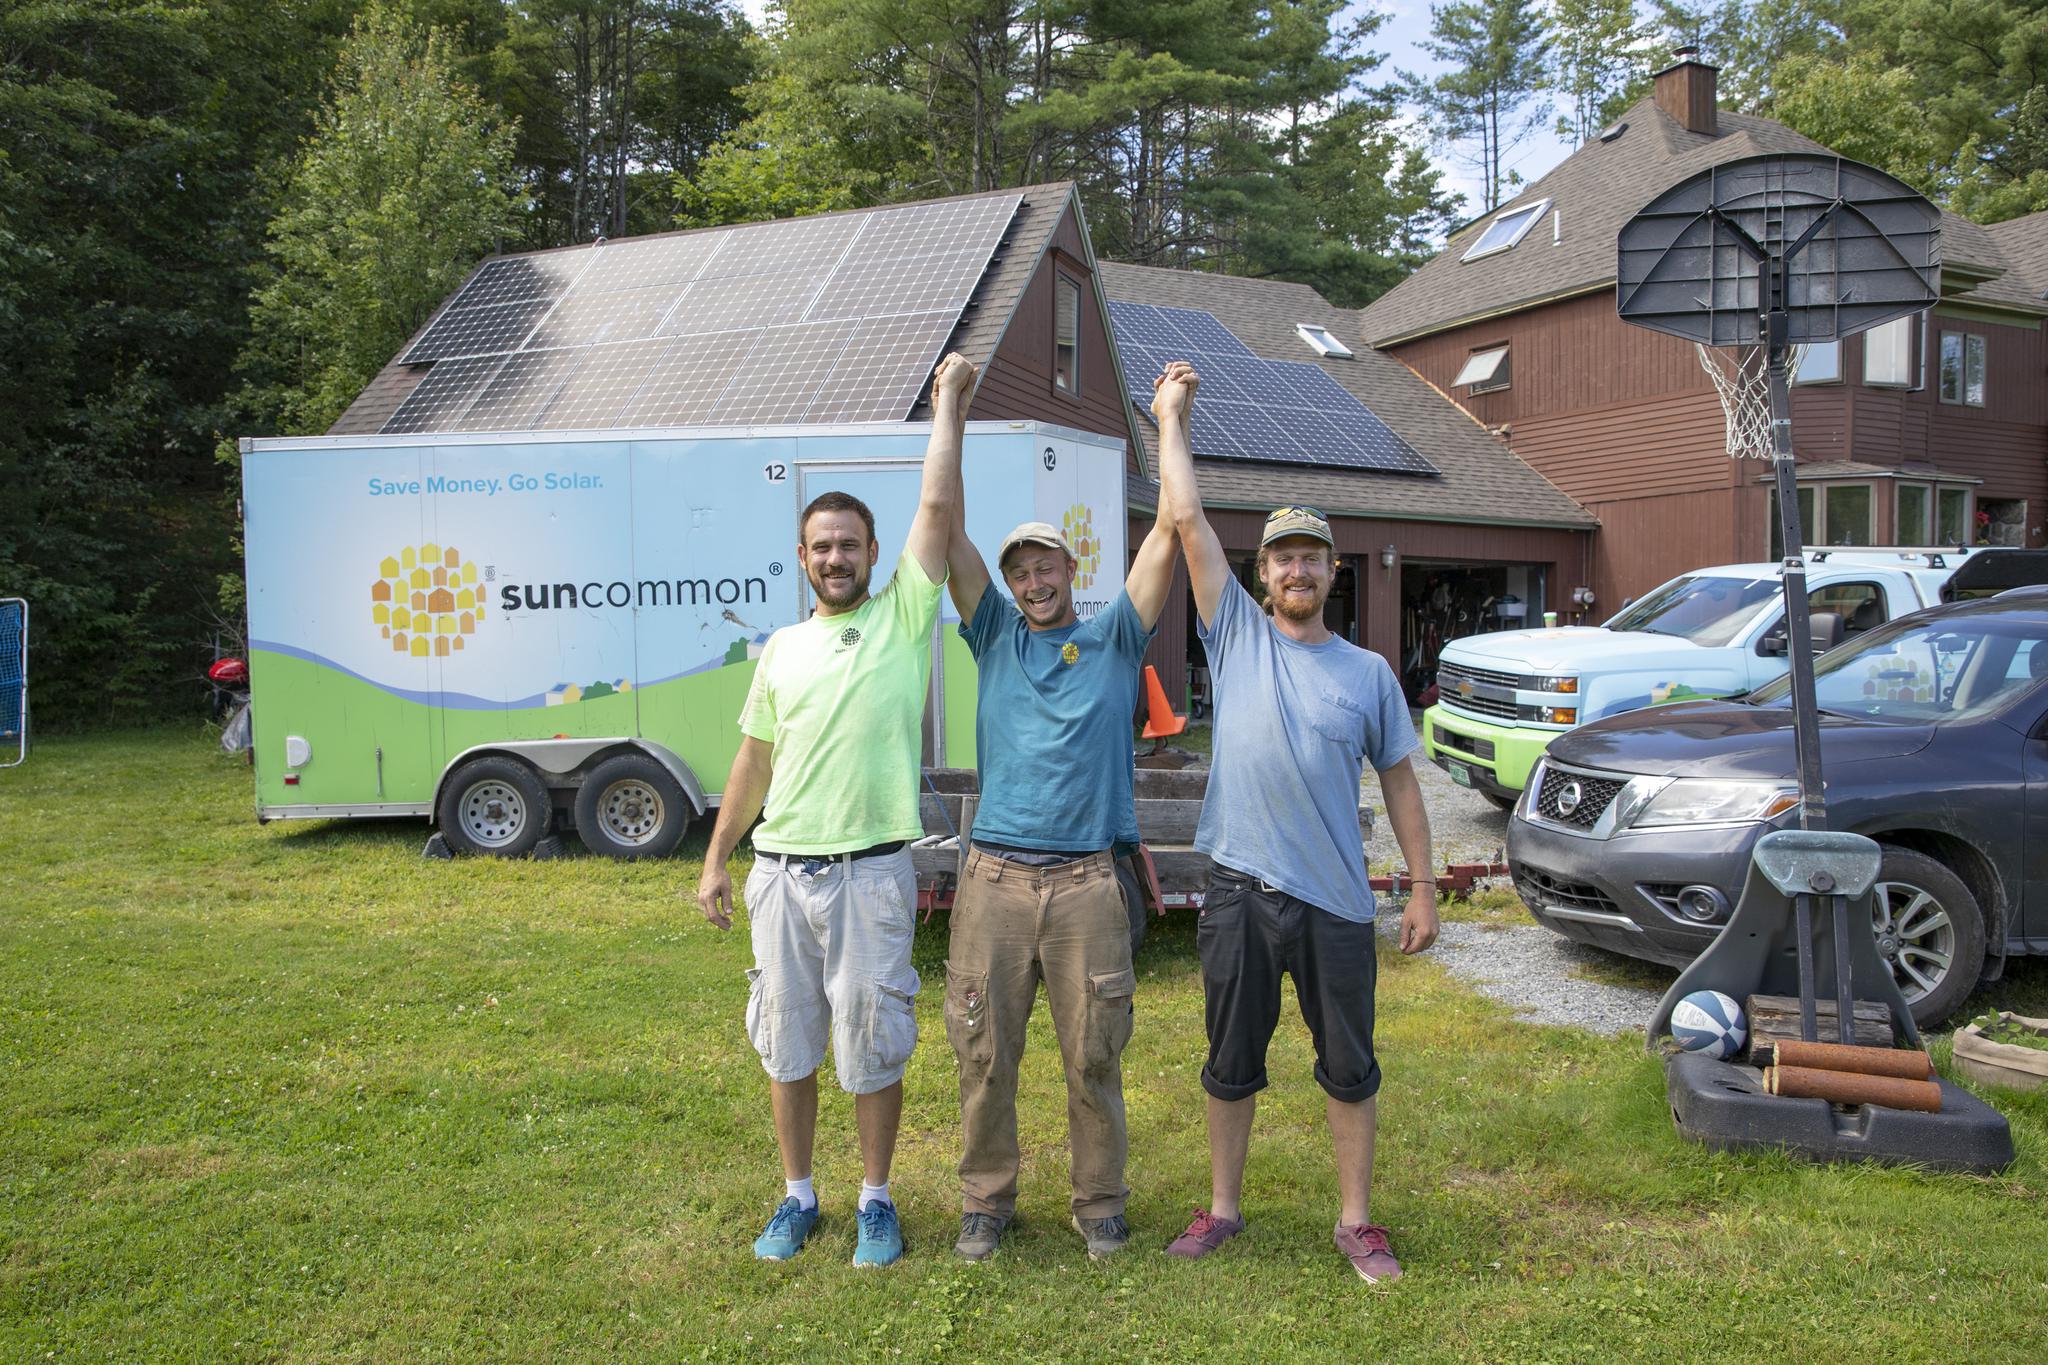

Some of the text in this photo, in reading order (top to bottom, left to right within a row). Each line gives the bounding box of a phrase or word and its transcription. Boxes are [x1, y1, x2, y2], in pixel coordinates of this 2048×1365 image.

[1045, 450, 1056, 468] 12
[764, 464, 786, 481] 12
[367, 471, 604, 497] Save Money. Go Solar.
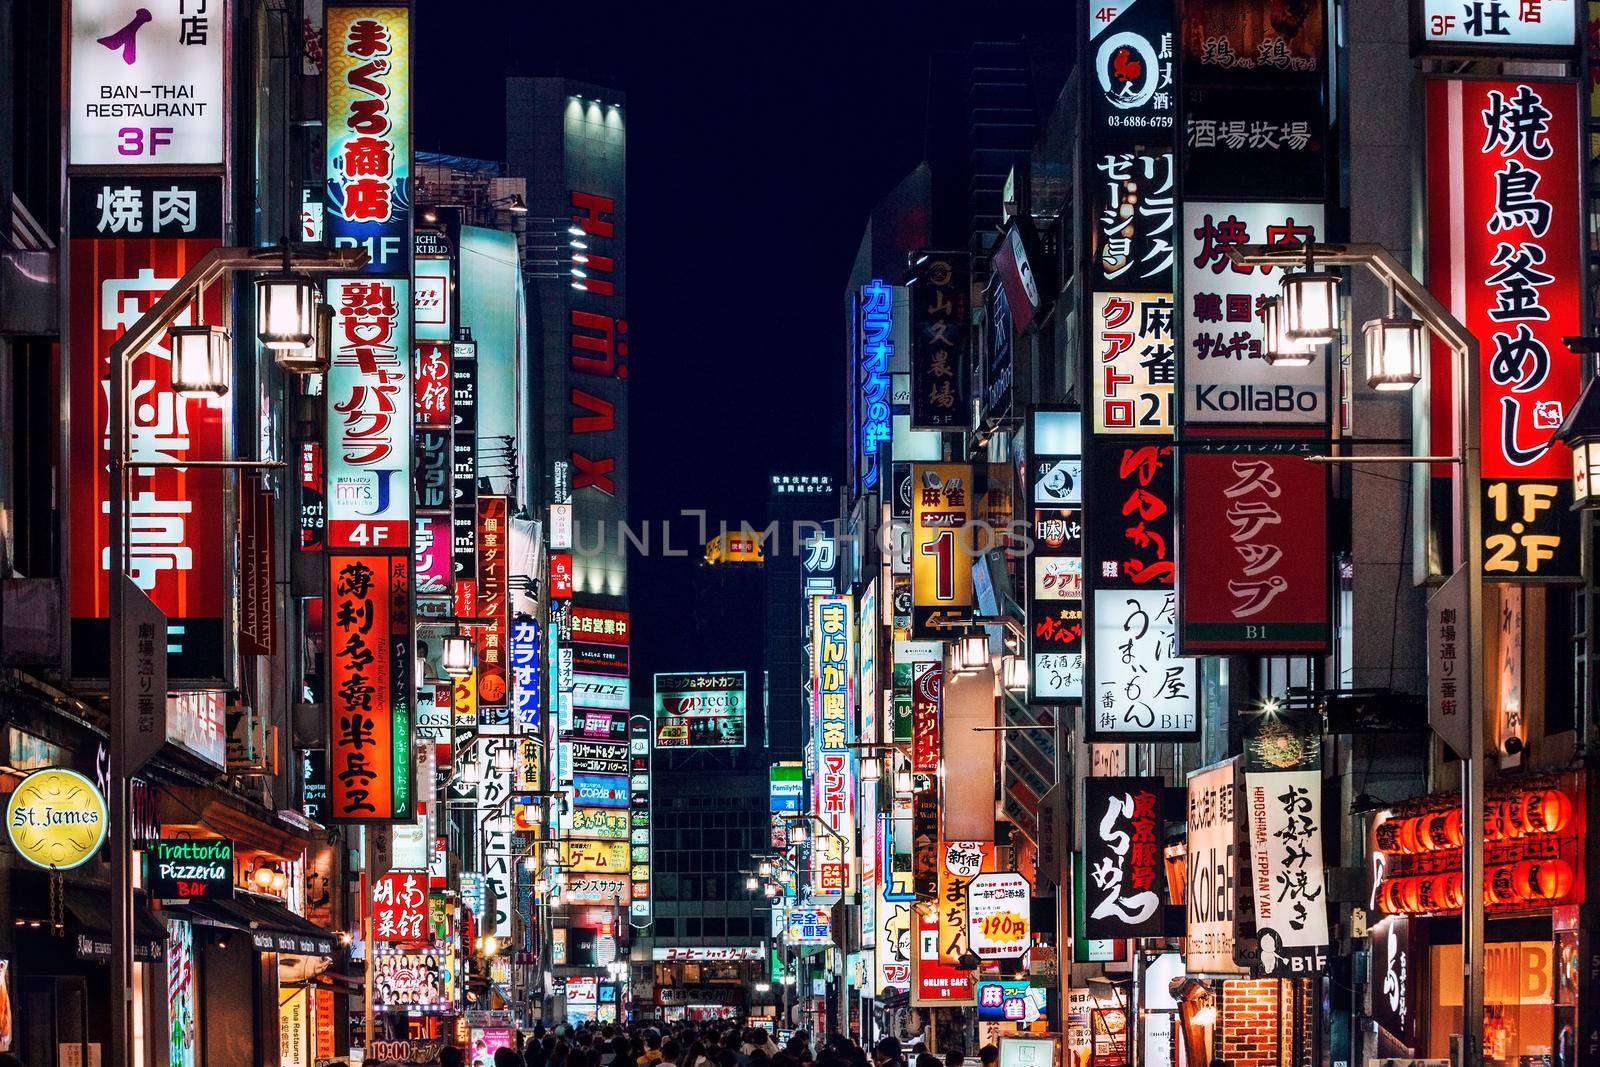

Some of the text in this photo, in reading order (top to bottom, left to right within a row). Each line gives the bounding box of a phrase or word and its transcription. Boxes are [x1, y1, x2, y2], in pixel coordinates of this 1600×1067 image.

[1095, 7, 1117, 22] 4F
[1431, 15, 1456, 35] 3F
[100, 86, 194, 99] BAN-THAI
[86, 103, 207, 117] RESTAURANT
[346, 19, 391, 222] まぐろ商店
[1108, 115, 1173, 128] 03-6886-6759
[117, 128, 173, 155] 3F
[1187, 119, 1312, 150] 酒場牧場
[97, 186, 198, 233] 焼肉
[1097, 153, 1134, 281] ゼーション
[1481, 85, 1556, 467] 焼鳥釜めし
[334, 282, 405, 466] 熟女キャバクラ
[1101, 297, 1135, 427] クアトロ
[1195, 384, 1318, 412] KollaBo
[425, 433, 444, 506] レンタル
[921, 488, 965, 507] 麻雀
[1487, 483, 1559, 523] 1F
[923, 514, 964, 523] ナンバー
[349, 523, 388, 546] 4F
[1223, 459, 1288, 618] ステップ
[1484, 535, 1561, 573] 2F
[572, 616, 626, 635] 全店営業中
[1246, 626, 1267, 639] B1
[915, 665, 928, 673] 3F
[1118, 598, 1155, 729] うまいもん
[1439, 607, 1457, 717] 劇場通り一番街
[138, 622, 155, 734] 劇場通り一番街
[822, 605, 845, 750] まんが喫茶
[1100, 682, 1117, 730] 一番街
[1160, 713, 1194, 729] B1F
[524, 742, 537, 783] 麻雀
[826, 755, 846, 830] マンボー
[45, 807, 98, 826] James
[1254, 786, 1268, 844] HIROSHIMA
[572, 850, 607, 866] ゲーム
[948, 850, 981, 867] 新宿
[1273, 784, 1322, 931] お好み焼き
[176, 881, 208, 897] Bar
[1290, 955, 1327, 971] B1F
[923, 979, 968, 987] ONLINE CAFE
[941, 989, 951, 997] B1
[372, 1041, 411, 1061] 19:00

*****

▸ What you should do: Write the entries above out in full, exactly, with no images.

▸ Answer for the task:
Some of the text in this photo, in reading order (top to bottom, left to right within a row). Each line gives the bounding box of a phrase or word and its transcription. Boxes are [x1, y1, x2, y2], in pixel coordinates of this 2048×1365 image.

[1045, 450, 1056, 468] 12
[764, 464, 786, 481] 12
[367, 471, 604, 497] Save Money. Go Solar.

Some of the text in this photo, in reading order (top to bottom, left to right within a row). Each line gives the bounding box of a phrase or word and its transcription. Boxes are [x1, y1, x2, y2], in pixel coordinates of this 1600×1067 image.

[1095, 7, 1117, 22] 4F
[1431, 15, 1456, 35] 3F
[100, 86, 194, 99] BAN-THAI
[86, 103, 207, 117] RESTAURANT
[346, 19, 391, 222] まぐろ商店
[1108, 115, 1173, 128] 03-6886-6759
[117, 128, 173, 155] 3F
[1187, 119, 1312, 150] 酒場牧場
[97, 186, 198, 233] 焼肉
[1097, 153, 1134, 281] ゼーション
[1481, 85, 1556, 467] 焼鳥釜めし
[334, 282, 405, 466] 熟女キャバクラ
[1101, 297, 1135, 427] クアトロ
[1195, 384, 1318, 412] KollaBo
[425, 433, 444, 506] レンタル
[921, 488, 965, 507] 麻雀
[1487, 483, 1559, 523] 1F
[923, 514, 964, 523] ナンバー
[349, 523, 388, 546] 4F
[1223, 459, 1288, 618] ステップ
[1484, 535, 1561, 573] 2F
[572, 616, 626, 635] 全店営業中
[1246, 626, 1267, 639] B1
[915, 665, 928, 673] 3F
[1118, 598, 1155, 729] うまいもん
[1439, 607, 1457, 717] 劇場通り一番街
[138, 622, 155, 734] 劇場通り一番街
[822, 605, 845, 750] まんが喫茶
[1100, 682, 1117, 730] 一番街
[1160, 713, 1194, 729] B1F
[524, 742, 537, 783] 麻雀
[826, 755, 846, 830] マンボー
[45, 807, 98, 826] James
[1254, 786, 1268, 844] HIROSHIMA
[572, 850, 607, 866] ゲーム
[948, 850, 981, 867] 新宿
[1273, 784, 1322, 931] お好み焼き
[176, 881, 208, 897] Bar
[1290, 955, 1327, 971] B1F
[923, 979, 968, 987] ONLINE CAFE
[941, 989, 951, 997] B1
[372, 1041, 411, 1061] 19:00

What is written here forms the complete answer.